Mário Cruz / Lusa

The President of the Republic, Marcelo Rebelo de Sousa (D), accompanied by the Prime Minister, António Costa (L)
President of the Republic left a warning of “consequences for the future”. Now, “the lesson remains for history”.
The President of the Republic said this Friday that the case should remain as “a lesson” for history on the functioning of justice and admitted that all Portuguese “want to know what happened”.
Marcelo Rebelo de Sousa began by pointing out that he knows “little” because he was “busy all day”, but said that what he heard “is that the Attorney General’s Office came forward with a clarification in which it recognized that there was lapses, technical errorstherefore the law will not have been complied with as it should have been fulfilled”, he said, speaking to the press at the end of a state visit to Monaco.
“The feeling we have is that in what happened, the law was not applied as it should have been applied”, he pointed out: “And this in relation to any citizen, but in relation to a prime minister it naturally has a greater incidence and gravity”.
“There will be the opportunity to better understand what happened and, above all, to remove a consequence for the future”, warned Marcelo. “And this consequence is that, if the law is not complied with, this it shouldn’t happen again not future.”
Noting that, “apparently”, some of the more than 20 wiretaps on the former Prime Minister only arrived after he had already left office, while “others had not arrived due to a technical error, or an oversight or any other problem”, the President of the Republic defended that this case “cannot fail to be a lesson for the future in terms of how justice should work”.
“Now, in fact, the lesson remains for history.
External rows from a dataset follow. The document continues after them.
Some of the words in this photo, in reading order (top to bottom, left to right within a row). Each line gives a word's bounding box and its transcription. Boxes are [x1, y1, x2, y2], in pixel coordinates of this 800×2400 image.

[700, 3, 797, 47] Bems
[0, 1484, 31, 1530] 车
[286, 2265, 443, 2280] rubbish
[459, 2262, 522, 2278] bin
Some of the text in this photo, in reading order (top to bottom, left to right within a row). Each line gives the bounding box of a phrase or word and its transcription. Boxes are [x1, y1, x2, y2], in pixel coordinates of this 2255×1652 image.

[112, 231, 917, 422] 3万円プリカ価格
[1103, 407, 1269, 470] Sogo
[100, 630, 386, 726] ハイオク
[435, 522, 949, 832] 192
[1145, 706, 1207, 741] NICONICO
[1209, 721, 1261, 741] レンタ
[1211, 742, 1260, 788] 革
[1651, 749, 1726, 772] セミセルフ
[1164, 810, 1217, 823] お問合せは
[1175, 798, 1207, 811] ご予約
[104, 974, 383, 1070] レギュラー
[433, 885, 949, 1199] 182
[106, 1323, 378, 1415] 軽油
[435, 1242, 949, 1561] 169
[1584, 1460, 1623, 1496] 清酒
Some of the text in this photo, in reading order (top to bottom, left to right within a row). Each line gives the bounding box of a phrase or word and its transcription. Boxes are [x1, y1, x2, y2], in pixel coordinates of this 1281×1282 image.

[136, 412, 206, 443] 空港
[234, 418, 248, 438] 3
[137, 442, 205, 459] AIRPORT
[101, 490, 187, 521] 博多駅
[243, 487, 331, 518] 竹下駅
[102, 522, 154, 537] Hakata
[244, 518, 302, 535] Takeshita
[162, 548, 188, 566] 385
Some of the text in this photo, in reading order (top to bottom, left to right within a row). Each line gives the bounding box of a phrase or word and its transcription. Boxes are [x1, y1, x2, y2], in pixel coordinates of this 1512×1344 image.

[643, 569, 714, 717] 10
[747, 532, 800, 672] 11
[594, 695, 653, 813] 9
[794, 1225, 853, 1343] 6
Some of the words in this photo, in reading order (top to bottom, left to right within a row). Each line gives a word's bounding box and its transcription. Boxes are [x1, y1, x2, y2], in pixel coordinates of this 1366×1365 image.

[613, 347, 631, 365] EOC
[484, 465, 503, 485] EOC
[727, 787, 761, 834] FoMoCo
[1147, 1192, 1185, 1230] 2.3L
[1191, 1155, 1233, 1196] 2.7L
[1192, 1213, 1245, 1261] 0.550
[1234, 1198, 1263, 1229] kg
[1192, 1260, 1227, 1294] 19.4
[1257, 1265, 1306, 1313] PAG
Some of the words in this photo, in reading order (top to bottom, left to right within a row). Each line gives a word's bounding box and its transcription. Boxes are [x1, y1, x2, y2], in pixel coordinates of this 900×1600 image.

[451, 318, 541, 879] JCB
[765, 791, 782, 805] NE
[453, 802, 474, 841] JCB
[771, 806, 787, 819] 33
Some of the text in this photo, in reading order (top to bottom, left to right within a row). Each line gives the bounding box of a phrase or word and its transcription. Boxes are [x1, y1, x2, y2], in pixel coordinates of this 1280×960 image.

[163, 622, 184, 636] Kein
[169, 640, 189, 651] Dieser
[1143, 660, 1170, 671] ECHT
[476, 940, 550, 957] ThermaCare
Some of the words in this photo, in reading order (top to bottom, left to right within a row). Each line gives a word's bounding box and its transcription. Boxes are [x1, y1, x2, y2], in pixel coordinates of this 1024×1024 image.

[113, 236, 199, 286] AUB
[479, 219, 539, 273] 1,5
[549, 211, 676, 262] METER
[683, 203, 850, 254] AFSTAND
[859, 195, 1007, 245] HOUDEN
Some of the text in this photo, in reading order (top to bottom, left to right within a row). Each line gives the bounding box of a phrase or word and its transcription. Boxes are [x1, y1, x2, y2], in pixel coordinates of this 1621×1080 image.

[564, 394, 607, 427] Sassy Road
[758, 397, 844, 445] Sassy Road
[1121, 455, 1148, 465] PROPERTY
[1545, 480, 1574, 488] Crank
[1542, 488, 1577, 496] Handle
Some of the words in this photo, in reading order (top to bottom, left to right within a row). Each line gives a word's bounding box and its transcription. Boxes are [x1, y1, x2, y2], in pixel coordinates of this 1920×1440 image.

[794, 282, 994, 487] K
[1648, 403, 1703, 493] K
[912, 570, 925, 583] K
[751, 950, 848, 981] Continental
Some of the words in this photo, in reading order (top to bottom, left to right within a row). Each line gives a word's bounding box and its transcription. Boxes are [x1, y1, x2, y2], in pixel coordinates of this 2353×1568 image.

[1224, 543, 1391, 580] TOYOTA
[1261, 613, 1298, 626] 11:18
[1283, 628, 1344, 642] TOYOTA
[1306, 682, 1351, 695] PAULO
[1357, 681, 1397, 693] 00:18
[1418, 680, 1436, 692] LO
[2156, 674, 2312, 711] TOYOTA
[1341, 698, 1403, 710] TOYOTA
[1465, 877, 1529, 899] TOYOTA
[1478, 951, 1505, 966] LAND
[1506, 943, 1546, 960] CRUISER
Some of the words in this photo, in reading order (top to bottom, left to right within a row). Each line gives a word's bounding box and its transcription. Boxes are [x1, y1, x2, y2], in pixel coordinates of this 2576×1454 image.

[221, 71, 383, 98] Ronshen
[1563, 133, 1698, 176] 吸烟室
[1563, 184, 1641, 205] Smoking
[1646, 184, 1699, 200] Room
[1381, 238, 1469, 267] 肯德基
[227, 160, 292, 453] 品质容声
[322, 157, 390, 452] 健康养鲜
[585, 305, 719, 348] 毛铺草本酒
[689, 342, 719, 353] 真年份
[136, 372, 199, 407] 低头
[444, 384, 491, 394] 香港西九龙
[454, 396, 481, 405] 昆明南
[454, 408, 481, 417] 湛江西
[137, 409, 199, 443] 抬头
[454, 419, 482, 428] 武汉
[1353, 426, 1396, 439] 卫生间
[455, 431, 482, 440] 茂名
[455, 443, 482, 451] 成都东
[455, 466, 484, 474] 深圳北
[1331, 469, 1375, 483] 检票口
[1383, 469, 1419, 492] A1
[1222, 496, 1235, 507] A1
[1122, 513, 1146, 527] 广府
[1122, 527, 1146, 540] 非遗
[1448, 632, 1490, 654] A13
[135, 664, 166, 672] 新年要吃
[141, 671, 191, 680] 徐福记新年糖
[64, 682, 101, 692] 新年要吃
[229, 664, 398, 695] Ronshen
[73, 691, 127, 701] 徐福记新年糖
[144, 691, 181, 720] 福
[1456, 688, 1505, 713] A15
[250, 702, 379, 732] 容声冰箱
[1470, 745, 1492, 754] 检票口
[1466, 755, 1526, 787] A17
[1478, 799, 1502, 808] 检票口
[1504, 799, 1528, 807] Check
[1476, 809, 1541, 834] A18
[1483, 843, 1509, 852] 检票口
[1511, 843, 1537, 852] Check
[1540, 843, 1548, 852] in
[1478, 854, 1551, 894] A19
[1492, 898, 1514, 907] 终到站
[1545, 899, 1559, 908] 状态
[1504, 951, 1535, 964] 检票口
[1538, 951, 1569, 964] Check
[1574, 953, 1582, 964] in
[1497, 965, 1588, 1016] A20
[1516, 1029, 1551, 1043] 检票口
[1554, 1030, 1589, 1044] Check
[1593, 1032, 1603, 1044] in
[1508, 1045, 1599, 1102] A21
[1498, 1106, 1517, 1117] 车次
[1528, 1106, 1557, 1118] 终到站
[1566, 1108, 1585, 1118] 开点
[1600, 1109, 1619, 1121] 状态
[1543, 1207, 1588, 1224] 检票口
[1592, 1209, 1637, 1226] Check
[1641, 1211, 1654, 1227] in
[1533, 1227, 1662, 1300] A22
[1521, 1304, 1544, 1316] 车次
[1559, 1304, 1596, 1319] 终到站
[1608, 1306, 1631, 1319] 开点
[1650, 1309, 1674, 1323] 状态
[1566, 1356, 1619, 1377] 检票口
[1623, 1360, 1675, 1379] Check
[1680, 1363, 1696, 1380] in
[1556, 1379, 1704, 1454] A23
And the lesson is very simple: it is that there are rules that say that wiretapping a prime minister must be validated by the Supreme Court of Justice and that this must happen while he is prime minister. In principle, this must be the case, otherwise the idea of validation in the exercise of certain functions loses its usefulness”, he declared.
António Costa’s defense reiterated that the Public Ministry must clarify the reason why the wiretaps involving the former prime minister were not detected and sent to the Supreme Court of Justice. The secretary general of the PS considered that the attorney general of the Republic “must provide complete explanations” to the country about the wiretaps.
The Minister of Justice refused to talk about the wiretaps related to the former prime minister, guaranteeing that the Attorney General of the Republic “will not fail to take the measures he deems necessary” if he finds irregularities.